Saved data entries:
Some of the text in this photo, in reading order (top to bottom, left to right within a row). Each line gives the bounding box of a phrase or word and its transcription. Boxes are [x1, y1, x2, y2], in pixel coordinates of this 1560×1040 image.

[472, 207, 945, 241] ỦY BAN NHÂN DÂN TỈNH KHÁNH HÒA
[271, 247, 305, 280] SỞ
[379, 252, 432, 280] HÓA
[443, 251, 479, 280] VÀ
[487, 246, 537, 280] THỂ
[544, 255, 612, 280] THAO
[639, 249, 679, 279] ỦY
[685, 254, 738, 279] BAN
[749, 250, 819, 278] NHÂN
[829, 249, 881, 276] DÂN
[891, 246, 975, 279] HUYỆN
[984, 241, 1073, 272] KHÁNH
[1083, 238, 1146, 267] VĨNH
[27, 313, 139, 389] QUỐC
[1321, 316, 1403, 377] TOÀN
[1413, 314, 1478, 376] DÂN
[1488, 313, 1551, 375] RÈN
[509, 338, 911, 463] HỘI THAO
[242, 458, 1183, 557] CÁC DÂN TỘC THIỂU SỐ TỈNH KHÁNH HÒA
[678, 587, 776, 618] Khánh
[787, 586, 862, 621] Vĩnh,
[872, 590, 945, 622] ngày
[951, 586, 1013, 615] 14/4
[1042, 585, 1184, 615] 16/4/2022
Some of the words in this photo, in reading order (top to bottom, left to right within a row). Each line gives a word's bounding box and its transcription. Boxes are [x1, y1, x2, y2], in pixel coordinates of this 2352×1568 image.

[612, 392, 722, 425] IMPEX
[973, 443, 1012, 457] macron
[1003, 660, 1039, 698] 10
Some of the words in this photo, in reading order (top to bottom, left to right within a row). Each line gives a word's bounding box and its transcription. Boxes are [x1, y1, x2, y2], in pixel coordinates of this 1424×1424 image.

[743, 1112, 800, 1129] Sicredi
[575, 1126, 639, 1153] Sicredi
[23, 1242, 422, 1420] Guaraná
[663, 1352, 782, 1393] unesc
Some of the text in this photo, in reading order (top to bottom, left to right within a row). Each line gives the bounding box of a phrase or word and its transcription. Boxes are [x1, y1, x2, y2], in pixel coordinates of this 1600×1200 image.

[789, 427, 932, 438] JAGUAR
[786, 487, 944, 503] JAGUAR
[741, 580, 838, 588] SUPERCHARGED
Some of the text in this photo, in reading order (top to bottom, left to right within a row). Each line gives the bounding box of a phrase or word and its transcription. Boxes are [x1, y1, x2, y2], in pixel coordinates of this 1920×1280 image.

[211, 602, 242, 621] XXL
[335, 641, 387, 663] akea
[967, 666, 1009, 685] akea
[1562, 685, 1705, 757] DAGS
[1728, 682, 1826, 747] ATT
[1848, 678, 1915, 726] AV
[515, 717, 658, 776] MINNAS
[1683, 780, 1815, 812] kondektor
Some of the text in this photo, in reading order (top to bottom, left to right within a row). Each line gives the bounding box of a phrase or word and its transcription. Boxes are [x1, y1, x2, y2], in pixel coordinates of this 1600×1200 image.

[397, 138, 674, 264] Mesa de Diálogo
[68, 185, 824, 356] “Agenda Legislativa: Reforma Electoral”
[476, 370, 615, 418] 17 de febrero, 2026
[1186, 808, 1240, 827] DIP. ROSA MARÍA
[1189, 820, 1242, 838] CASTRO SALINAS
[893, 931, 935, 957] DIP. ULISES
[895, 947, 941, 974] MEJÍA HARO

Your objective. Reproduce each entry from the records above, character for character.

Solution.
Some of the text in this photo, in reading order (top to bottom, left to right within a row). Each line gives the bounding box of a phrase or word and its transcription. Boxes are [x1, y1, x2, y2], in pixel coordinates of this 1560×1040 image.

[472, 207, 945, 241] ỦY BAN NHÂN DÂN TỈNH KHÁNH HÒA
[271, 247, 305, 280] SỞ
[379, 252, 432, 280] HÓA
[443, 251, 479, 280] VÀ
[487, 246, 537, 280] THỂ
[544, 255, 612, 280] THAO
[639, 249, 679, 279] ỦY
[685, 254, 738, 279] BAN
[749, 250, 819, 278] NHÂN
[829, 249, 881, 276] DÂN
[891, 246, 975, 279] HUYỆN
[984, 241, 1073, 272] KHÁNH
[1083, 238, 1146, 267] VĨNH
[27, 313, 139, 389] QUỐC
[1321, 316, 1403, 377] TOÀN
[1413, 314, 1478, 376] DÂN
[1488, 313, 1551, 375] RÈN
[509, 338, 911, 463] HỘI THAO
[242, 458, 1183, 557] CÁC DÂN TỘC THIỂU SỐ TỈNH KHÁNH HÒA
[678, 587, 776, 618] Khánh
[787, 586, 862, 621] Vĩnh,
[872, 590, 945, 622] ngày
[951, 586, 1013, 615] 14/4
[1042, 585, 1184, 615] 16/4/2022
Some of the words in this photo, in reading order (top to bottom, left to right within a row). Each line gives a word's bounding box and its transcription. Boxes are [x1, y1, x2, y2], in pixel coordinates of this 2352×1568 image.

[612, 392, 722, 425] IMPEX
[973, 443, 1012, 457] macron
[1003, 660, 1039, 698] 10
Some of the words in this photo, in reading order (top to bottom, left to right within a row). Each line gives a word's bounding box and its transcription. Boxes are [x1, y1, x2, y2], in pixel coordinates of this 1424×1424 image.

[743, 1112, 800, 1129] Sicredi
[575, 1126, 639, 1153] Sicredi
[23, 1242, 422, 1420] Guaraná
[663, 1352, 782, 1393] unesc
Some of the text in this photo, in reading order (top to bottom, left to right within a row). Each line gives the bounding box of a phrase or word and its transcription. Boxes are [x1, y1, x2, y2], in pixel coordinates of this 1600×1200 image.

[789, 427, 932, 438] JAGUAR
[786, 487, 944, 503] JAGUAR
[741, 580, 838, 588] SUPERCHARGED
Some of the text in this photo, in reading order (top to bottom, left to right within a row). Each line gives the bounding box of a phrase or word and its transcription. Boxes are [x1, y1, x2, y2], in pixel coordinates of this 1920×1280 image.

[211, 602, 242, 621] XXL
[335, 641, 387, 663] akea
[967, 666, 1009, 685] akea
[1562, 685, 1705, 757] DAGS
[1728, 682, 1826, 747] ATT
[1848, 678, 1915, 726] AV
[515, 717, 658, 776] MINNAS
[1683, 780, 1815, 812] kondektor
Some of the text in this photo, in reading order (top to bottom, left to right within a row). Each line gives the bounding box of a phrase or word and its transcription. Boxes are [x1, y1, x2, y2], in pixel coordinates of this 1600×1200 image.

[397, 138, 674, 264] Mesa de Diálogo
[68, 185, 824, 356] “Agenda Legislativa: Reforma Electoral”
[476, 370, 615, 418] 17 de febrero, 2026
[1186, 808, 1240, 827] DIP. ROSA MARÍA
[1189, 820, 1242, 838] CASTRO SALINAS
[893, 931, 935, 957] DIP. ULISES
[895, 947, 941, 974] MEJÍA HARO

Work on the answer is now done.